And some aid groups say humanitarian needs aren’t always top of mind at COP summits. The “big picture, global picture” of climate policy is heavily focused on reducing carbon emissions and transforming energy systems, usually in middle-income countries, said Ken Sofer, director of public advocacy at the International Rescue Committee. This is “essential but insufficient without dealing with the human security consequences of the climate crisis”, he said.
There’s still room for (a bit of) optimism
But it’s not all doom and gloom. Among some aid workers attending the COP29 climate summit, hope can be found, albeit in small and heavily caveated doses.
For Robert Piper, the UN’s special adviser on internal displacement, this was more around climate-related disasters where politics is less of an issue. “We have so much knowledge and experience in terms of mitigation, preparedness, adaptation,” he said on a panel.
“I’m more optimistic that in this sector we can show results,” Piper said, adding that, if successful, this would “hopefully take some pressure” off humanitarians dealing with conflict, on which he admitted his “despair” at international prevention efforts.

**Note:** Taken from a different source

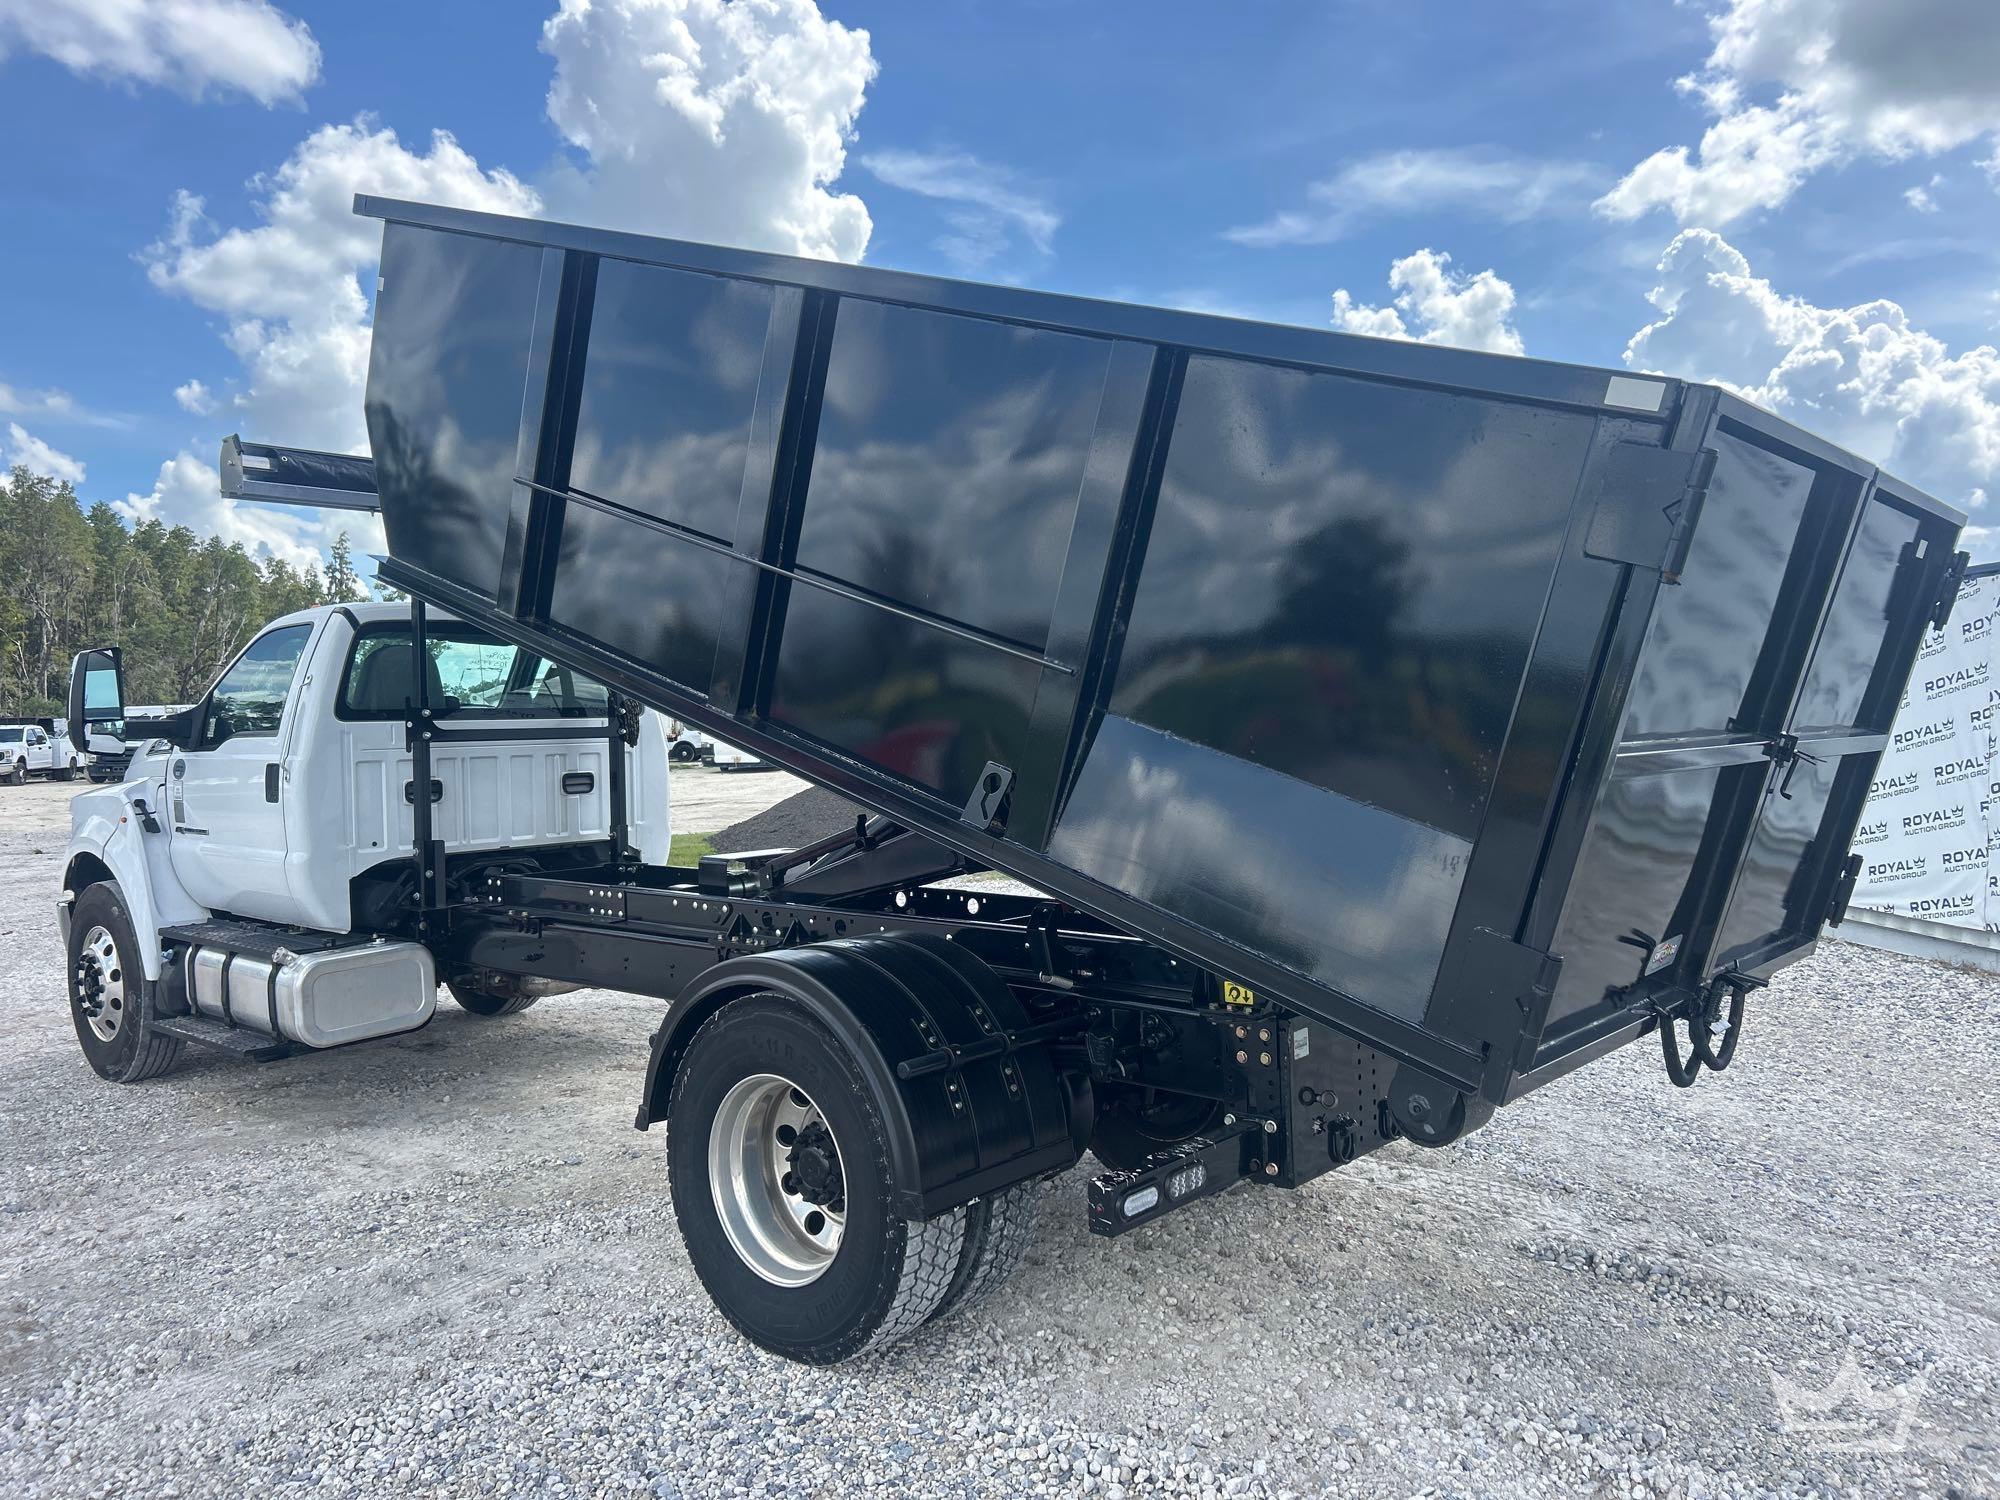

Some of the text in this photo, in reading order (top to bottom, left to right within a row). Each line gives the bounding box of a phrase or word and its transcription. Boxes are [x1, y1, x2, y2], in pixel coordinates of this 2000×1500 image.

Other humanitarians saw pathways through the byzantine policy discussions towards pushing their systems into seriously embracing the prospect of moving beyond reactive emergency responses, towards new ways of working to tackle complex overlapping crises.
“I think there’s lots of reasons to be optimistic,” said Jonathan Stone, who manages the Climate, Environment, and Resilience Unit at the International Federation of Red Cross and Red Crescent Societies.
As disasters have worsened, now “the policy is aligned to such an extent that we are forced into thinking a little bit more radically” – such as working with local governments, rather than doing everything solely through humanitarian agencies, he said. “This gives us a critical window in which to change and transform.”
Edited by Irwin Loy.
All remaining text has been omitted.